Background and purpose Information on Guillain–Barré syndrome (GBS) as an adverse event following immunization (AEFI) against SARS‐CoV‐2 remains scarce. We aimed to report GBS incidence as an AEFI among adult (≥18 years) recipients of 81,842,426 doses of seven anti‐SARS‐CoV‐2 vaccines between December 24, 2020, and October 29, 2021, in Mexico. Methods Cases were retrospectively collected through passive epidemiological surveillance. The overall observed incidence was calculated according to the total number of administered doses. Vaccines were analyzed individually and by vector as mRNA‐based (mRNA‐1273 and BNT162b2), adenovirus‐vectored (ChAdOx1 nCov‐19, rAd26‐rAd5, Ad5‐nCoV, and Ad26.COV2‐S), and inactivated whole‐virion‐vectored (CoronaVac) vaccines. Results We identified 97 patients (52 males [53.6%]; median [interquartile range] age 44 [33–60] years), for an overall observed incidence of 1.19/1,000,000 doses (95% confidence interval [CI] 0.97–1.45), with incidence higher among Ad26.COV2‐S (3.86/1,000,000 doses, 95% CI 1.50–9.93) and BNT162b2 recipients (1.92/1,00,000 doses, 95% CI 1.36–2.71). The interval (interquartile range) from vaccination to GBS symptom onset was 10 (3–17) days. Preceding diarrhea was reported in 21 patients (21.6%) and mild COVID‐19 in four more (4.1%). Only 18 patients were tested for Campylobacter jejuni (positive in 16 [88.9%]). Electrophysiological examinations were performed in 76 patients (78.4%; axonal in 46 [60.5%] and demyelinating in 25 [32.8%]); variants were similar across the platforms.

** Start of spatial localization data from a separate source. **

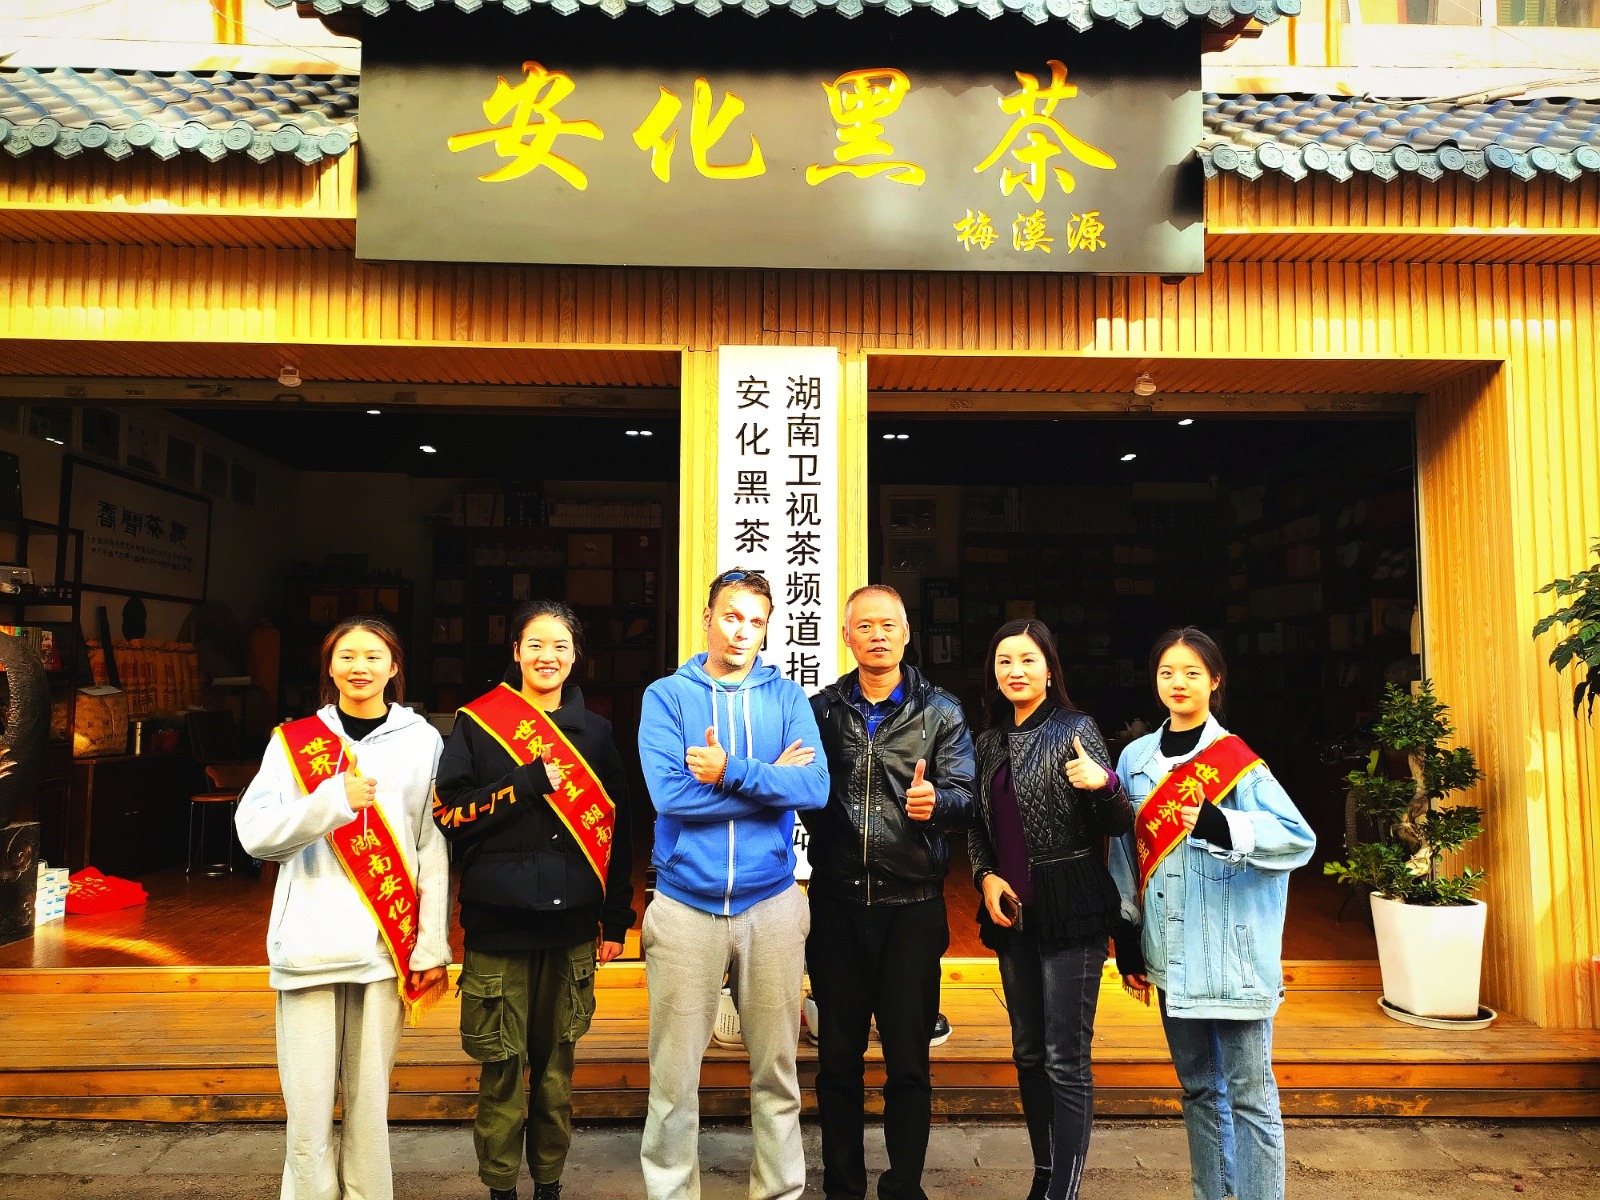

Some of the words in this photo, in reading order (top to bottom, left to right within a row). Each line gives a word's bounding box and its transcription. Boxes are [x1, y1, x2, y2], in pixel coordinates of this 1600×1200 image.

[448, 60, 1118, 204] 安化黑茶
[953, 208, 1108, 255] 梅溪源
[734, 374, 771, 652] 安化黑茶
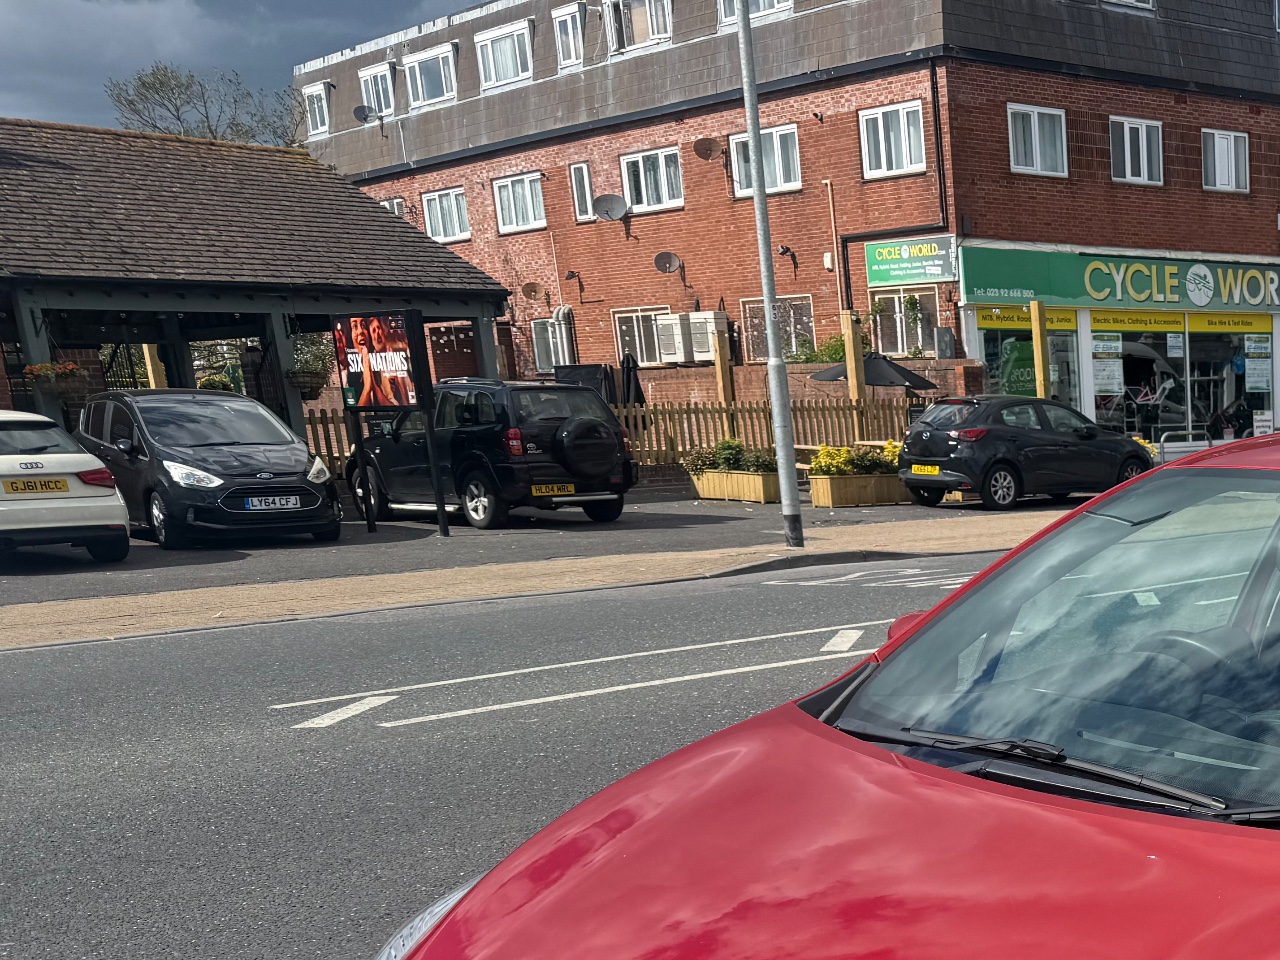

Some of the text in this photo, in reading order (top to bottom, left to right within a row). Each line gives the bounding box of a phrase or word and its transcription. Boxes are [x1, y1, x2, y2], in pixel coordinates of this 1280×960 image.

[876, 243, 939, 260] CYCLE WORLD
[1084, 261, 1180, 302] CYCLE
[987, 288, 999, 297] 023
[1000, 289, 1009, 297] 92
[1010, 289, 1021, 297] 666
[1022, 290, 1035, 298] 500
[1127, 318, 1148, 326] Clothing
[347, 353, 364, 373] SIX
[369, 351, 408, 372] NATIONS
[10, 481, 63, 492] GJ61 HCC
[535, 485, 555, 494] HL04
[250, 496, 299, 509] LY64 CFJ

On admission, 91.8% had a GBS disability score ≥3. Seventy‐five patients (77.3%) received intravenous immunoglobulin, received seven plasma exchange (7.2%), and 15 (15.5%) were treated conservatively. Ten patients (10.3%) died, and 79.1% of survivors were unable to walk independently. Conclusions Guillain–Barré syndrome was an extremely infrequent AEFI against SARS‐CoV‐2. The protection provided by these vaccines outweighs the risk of developing GBS.